MirrorMask


MirrorMask

You should never play charades with wooden penguins.

(Goldwyn) Stephanie Leonidas, Gina McKee, Jason Barry, Rob Brydon, Dora Bryan, Stephen Fry, Simon Harvey, Robert Llewellyn, Eryl Maynard. Directed by Dave McKean

Some of the most amazing graphic novels ever have sprung from the fertile imaginations of writer Neil Gaiman and illustrator Dave McKean. Now, the two are teaming up for a movie of unparalleled visual sense.

Helena (Leonidas) has always dreamed of running away from the circus. Her mother (McKee) and father (Brydon) run a Cirque du Soleil-esque traveling show that manages to make ends meet – just – but it isn’t the life Helena really wants. She is an imaginative girl, who spends every moment she has drawing fantastic images of strange creatures inhabiting a vast city. Her teenage impulses for doing her own thing often bump up against her parents need for her help in the overwhelming job of The Show Must Go On. After a particularly nasty argument with her mother (are there any fights worse than those between mother and daughter?) she ends with the nasty wish that she would be the death of her mother.

A little later on, her mother collapses and Helena’s world is turned upside down. Without her mother’s vital contributions, from taking tickets to her role in the show, the upcoming tour is in jeopardy. The family has never been flush to begin with, and their dwindling savings are setting off alarm bells. While her father is sticking fingers in all sorts of dykes, trying to keep the business from going under, Helena visits her mother, who pops in and out of consciousness. At length, she is told that her mother is going to have a critical operation. Helena goes to sleep, feeling betrayed.

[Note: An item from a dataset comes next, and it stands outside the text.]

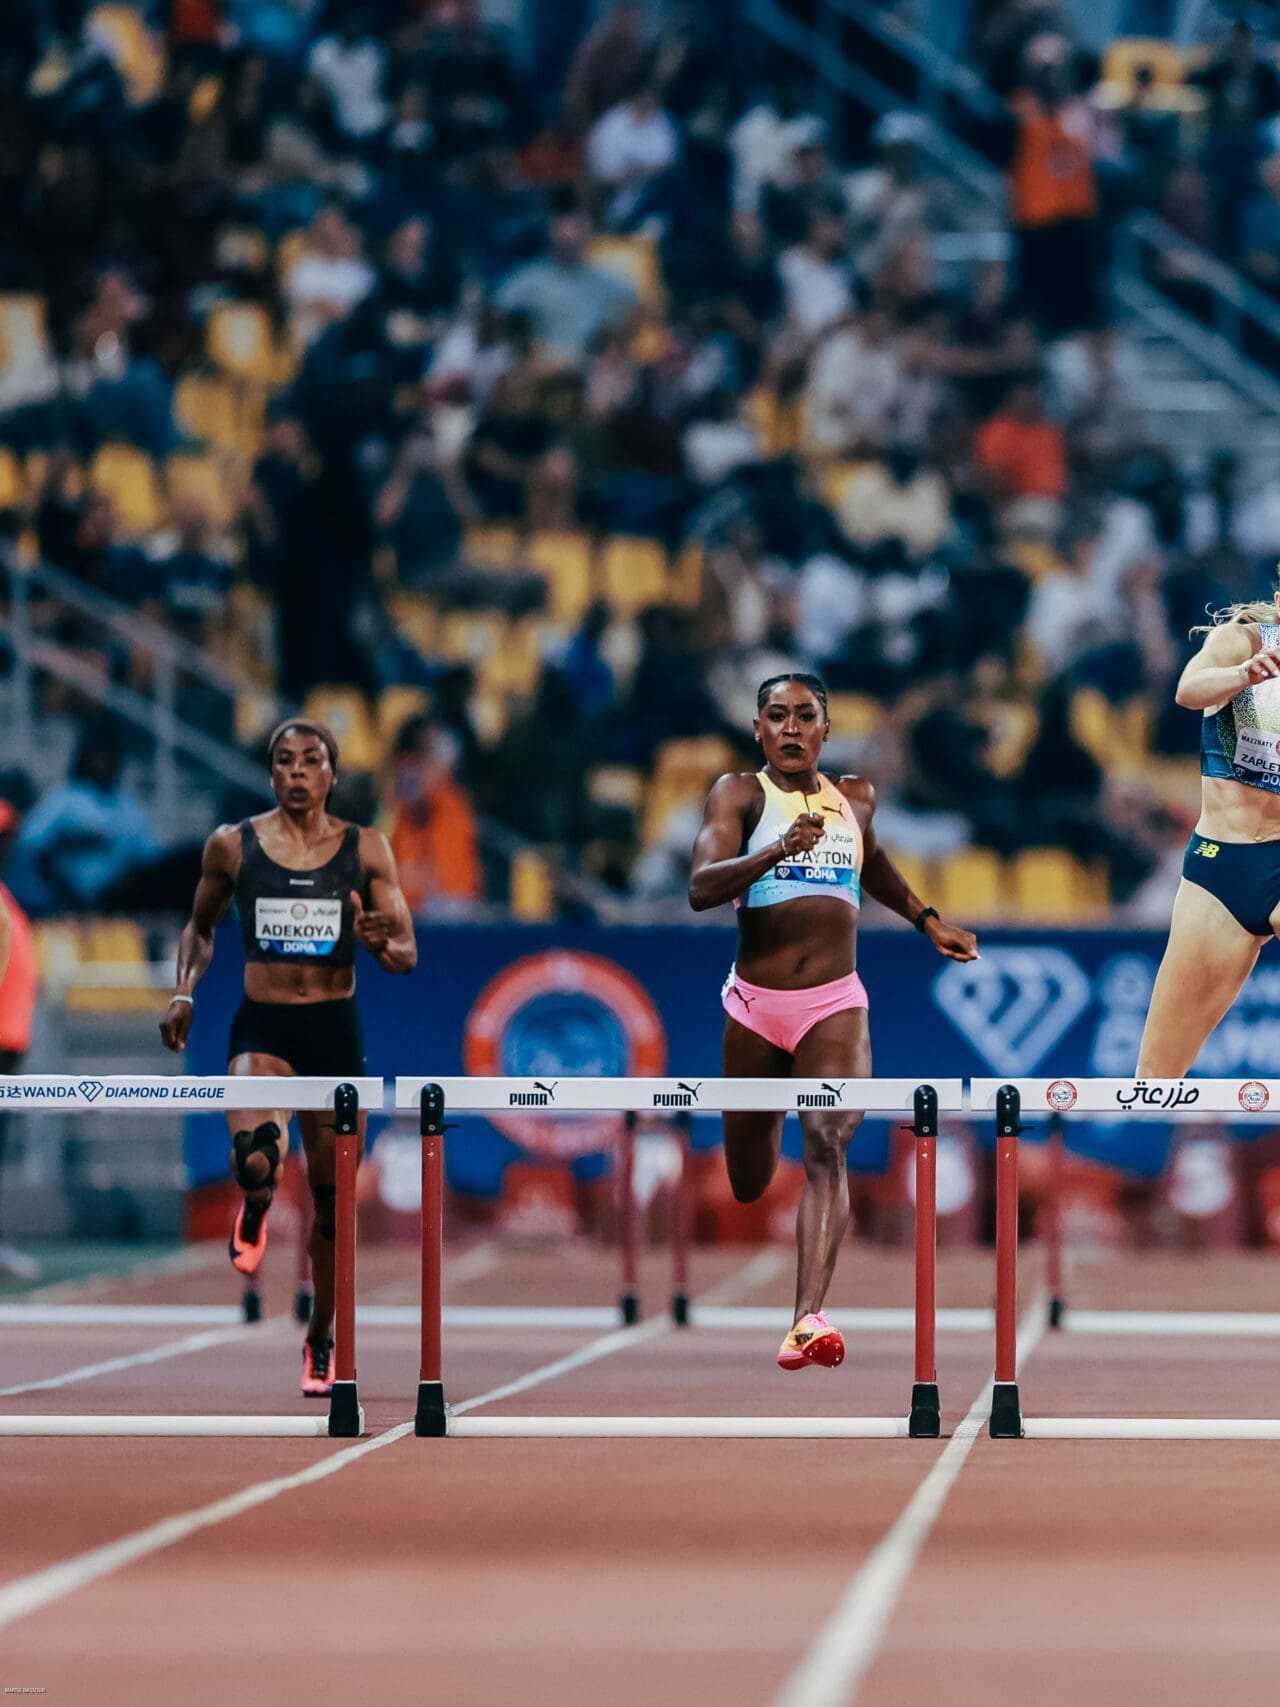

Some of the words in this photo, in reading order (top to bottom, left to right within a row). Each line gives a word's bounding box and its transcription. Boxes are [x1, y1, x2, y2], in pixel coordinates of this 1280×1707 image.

When she wakes, she is in a place that is familiar yet unfamiliar. She meets up with a juggler/con man named Valentine (Barry), but they are interrupted by the onset of shadows, which turns the other performers into crumbling dust. As they escape, Helena realizes that the place she is in is the city she has drawn. Before she can catch her breath, she is whisked away to the palace by a palace guard that travels on stilted legs. While on her way to the palace she realizes that she can see her bedroom through certain windows and, to her shock, herself in it.

A pompous prime minister (Brydon again) who, like all the citizens wears an elaborate mask, informs her that she resembles a young girl who passed herself off as a princess of the dark side of the city, but this young girl had abused the hospitality of the white queen (McKee) and had stolen a charm. Now the white queen sleeps without waking, the balance between the light and the dark has been thrown out of whack and the city on both sides is beginning to fall apart. What is worse is that the spoiled princess has assumed Helena’s place in the real world. Helena must recover the MirrorMask and restore balance to the city and return the princess to the Dark Queen (McKee) and not incidentally, return herself to the real world.

The filmmakers have been forthcoming about being inspired by the world of Jim Henson’s film Labyrinth and the inspiration comes through markedly – in fact, Henson’s creature shop built many of the creatures that inhabit the City. Those who are familiar with McKean’s art will not find the imagery unfamiliar, particularly in the gothic nature of the city and its inhabitants, who sometimes look like a collage of images rather than a single solid idea.

 This is one of the most visually impressive movies I’ve seen, with stunning creations around every corner. The settings recall Victorian England as well as Wiemar Republic Germany with a hint of the worlds of Maurice Sendak and, of course, Jim Henson. This is the sort of movie you’ll want to see several times as there’s no way you can catch all the detail in a single sitting.

The English cast does a solid job but they mostly play second fiddle to the images and sets. The problem here is mainly a pedestrian story, which relies overly much on familiar concepts explored in Labyrinth and Stephen King and Peter Straub’s The Talisman whose story it rips off virtually note for note.

Still, one can forgive the “must save mom” maudlin-ness since the real reason for this movie’s existence is to excite your sense of wonder, and it does that in spades. There are times the surreal aspects of the visuals hop on the Dali highway and take off willy-nilly, but since I like Dali it doesn’t phase me much, but those who find surreality acceptable only in small doses, be warned that the dosage here is overwhelming.

WHY RENT THIS: Dazzling, imaginative visuals that are a feast for the eyes and food for the brain. You’ll want to see this more than once but even then you won’t be able to capture everything you see.

WHY RENT SOMETHING ELSE: The story is a bit pedestrian and the plot creeps into the maudlin periodically.

FAMILY VALUES: Some of the images might be too unsettling for younger, more impressionable sorts.

TRIVIAL PURSUITS: When Helena reaches for the book “The Complete History of Everything” in the library, the book directly beside it is entitled “Muppets in Space” with the title written in the Farscape font. Both are allusions to the Jim Henson Studios, which produced the film Muppets in Space and also the TV show Farscape.

NOTABLE DVD EXTRAS: There is footage from a Q&A session McKean and Gaiman did about the film at the 2005 San Diego Comicon, as well as an intriguing feature called Day 16 which shows an entire day of filming in time lapse photography.